* Data under study
______

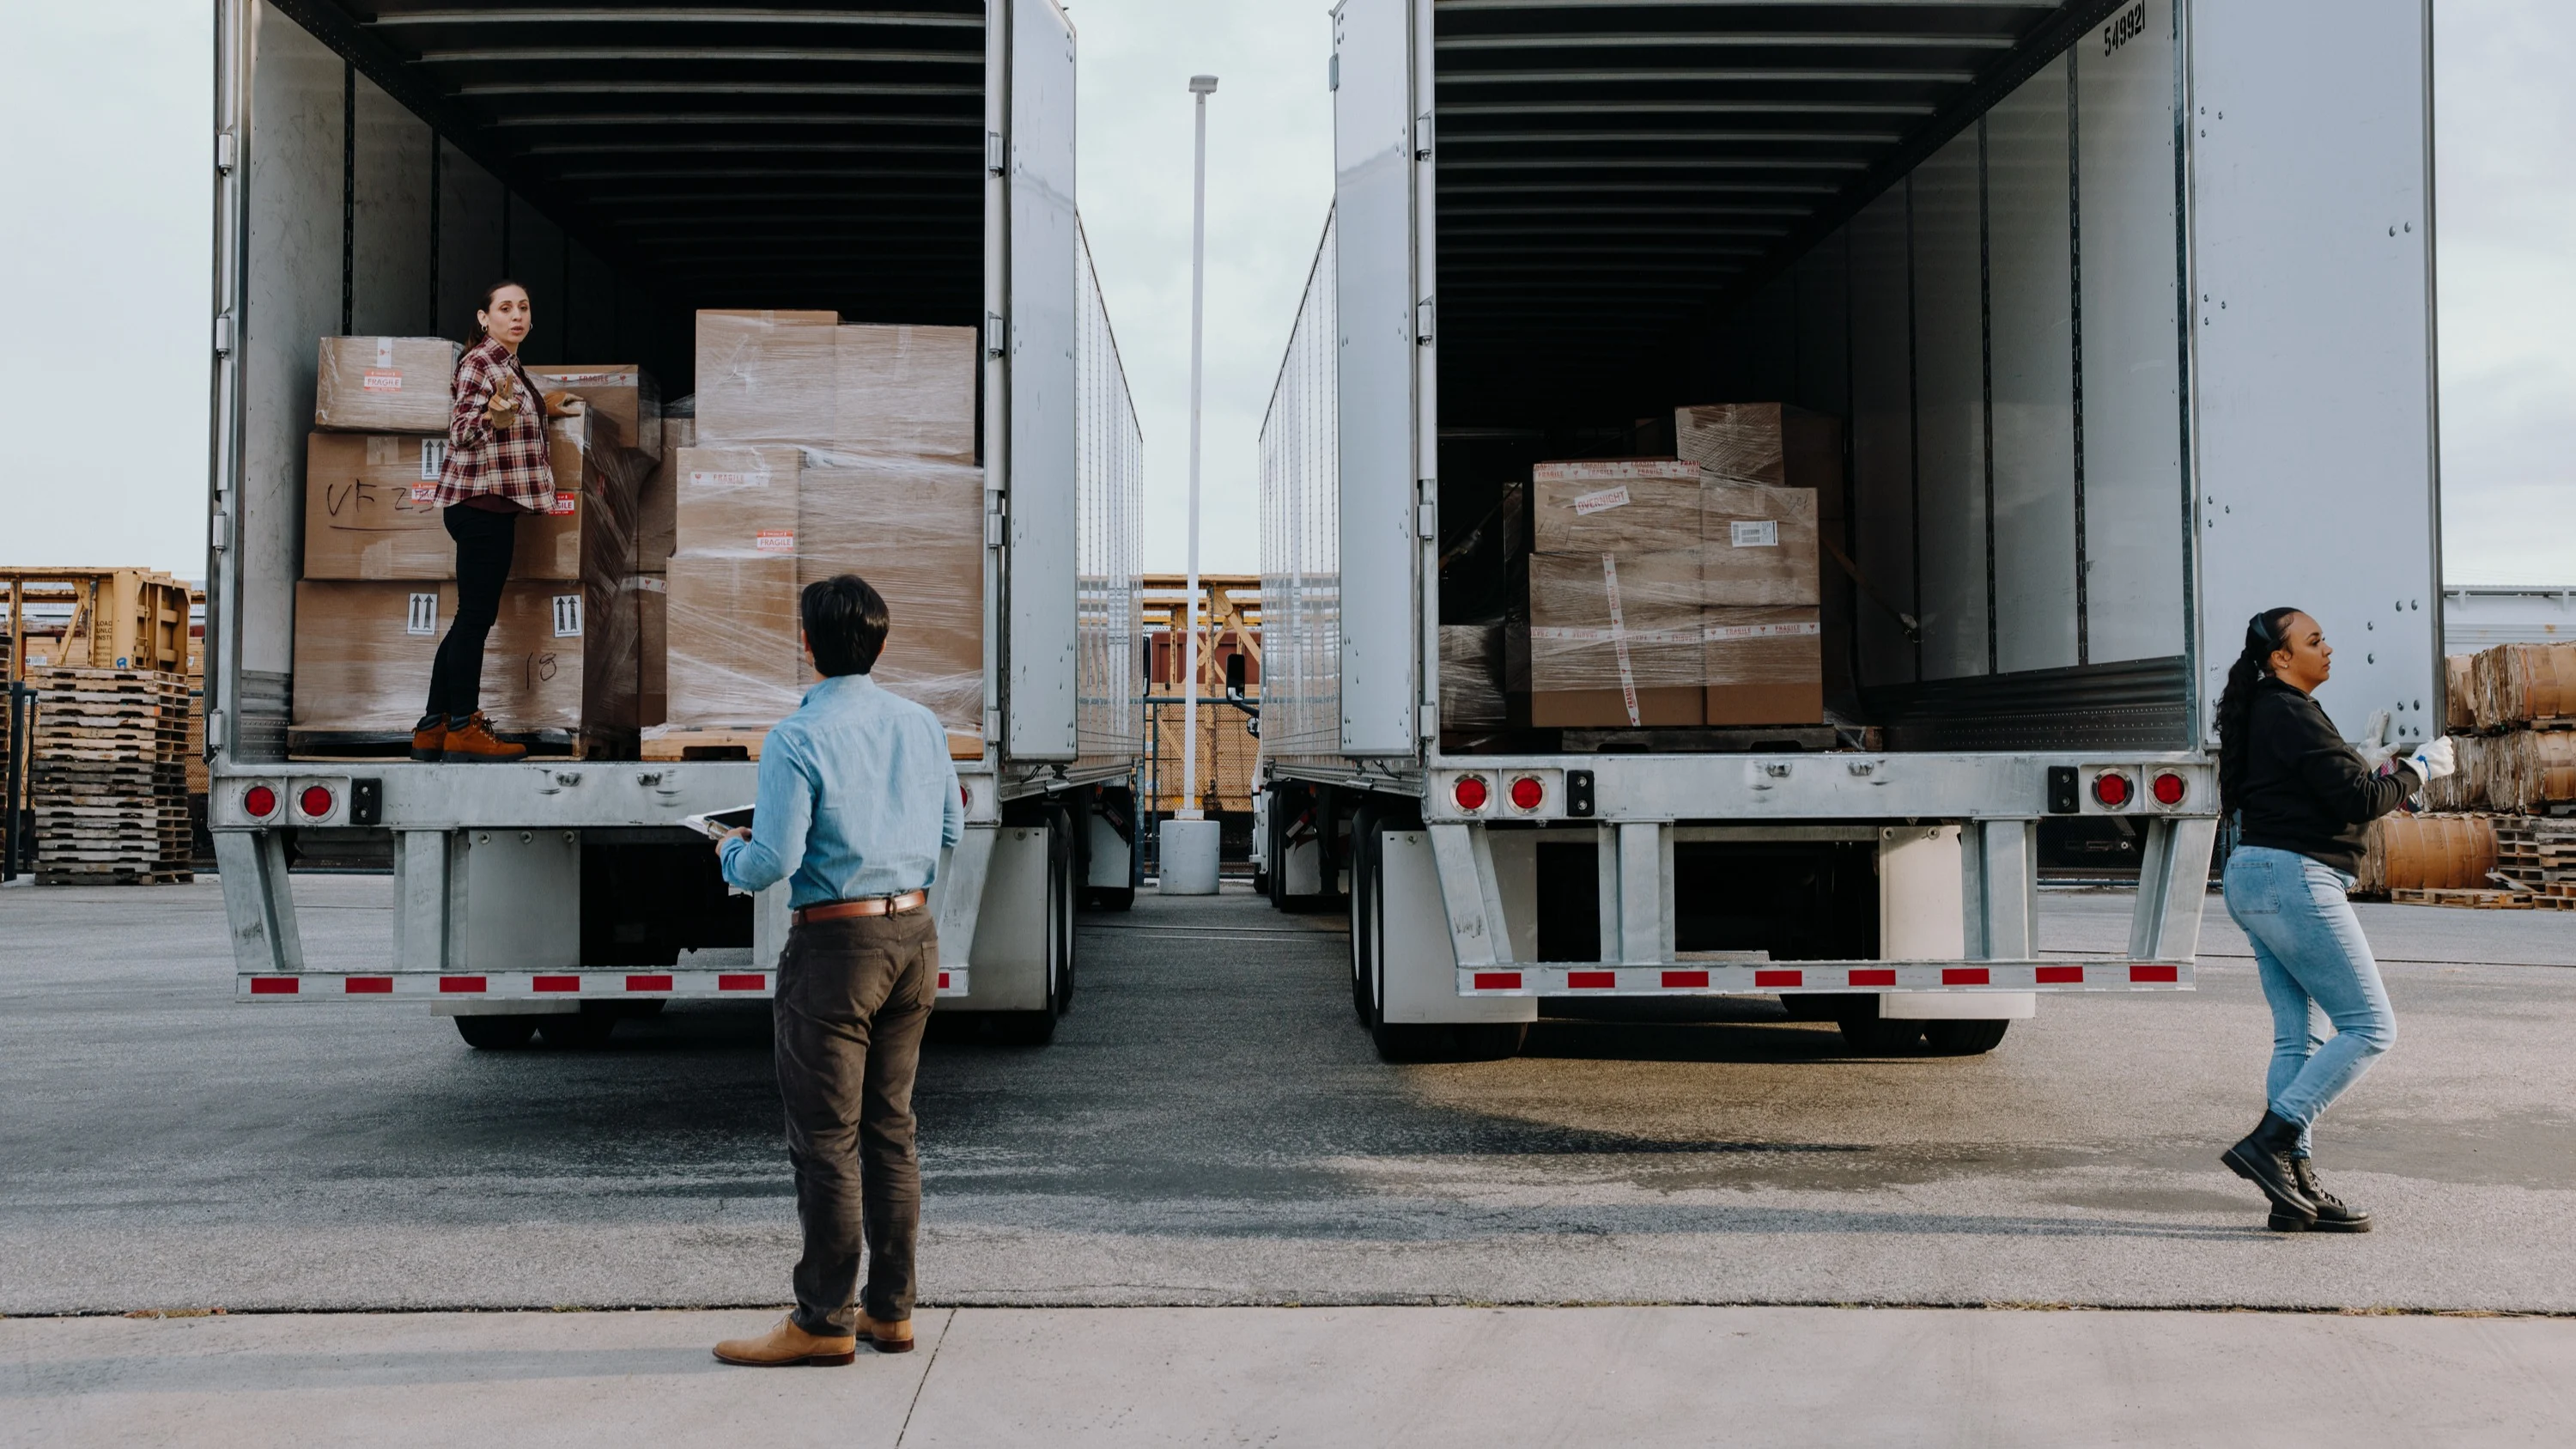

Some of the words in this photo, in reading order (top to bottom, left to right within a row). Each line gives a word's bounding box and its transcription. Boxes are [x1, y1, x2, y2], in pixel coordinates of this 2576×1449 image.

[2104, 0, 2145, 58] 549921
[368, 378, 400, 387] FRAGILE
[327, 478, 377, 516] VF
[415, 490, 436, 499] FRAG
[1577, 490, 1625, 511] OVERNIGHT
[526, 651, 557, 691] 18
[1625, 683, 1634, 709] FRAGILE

______

* Assignment
Pictures in the entries are to be skipped, and everything else repeated word for word.

* Exercise response
Some of the words in this photo, in reading order (top to bottom, left to right within a row). Each line gives a word's bounding box and its transcription. Boxes are [x1, y1, x2, y2], in pixel coordinates of this 2576×1449 image.

[2104, 0, 2145, 58] 549921
[368, 378, 400, 387] FRAGILE
[327, 478, 377, 516] VF
[415, 490, 436, 499] FRAG
[1577, 490, 1625, 511] OVERNIGHT
[526, 651, 557, 691] 18
[1625, 683, 1634, 709] FRAGILE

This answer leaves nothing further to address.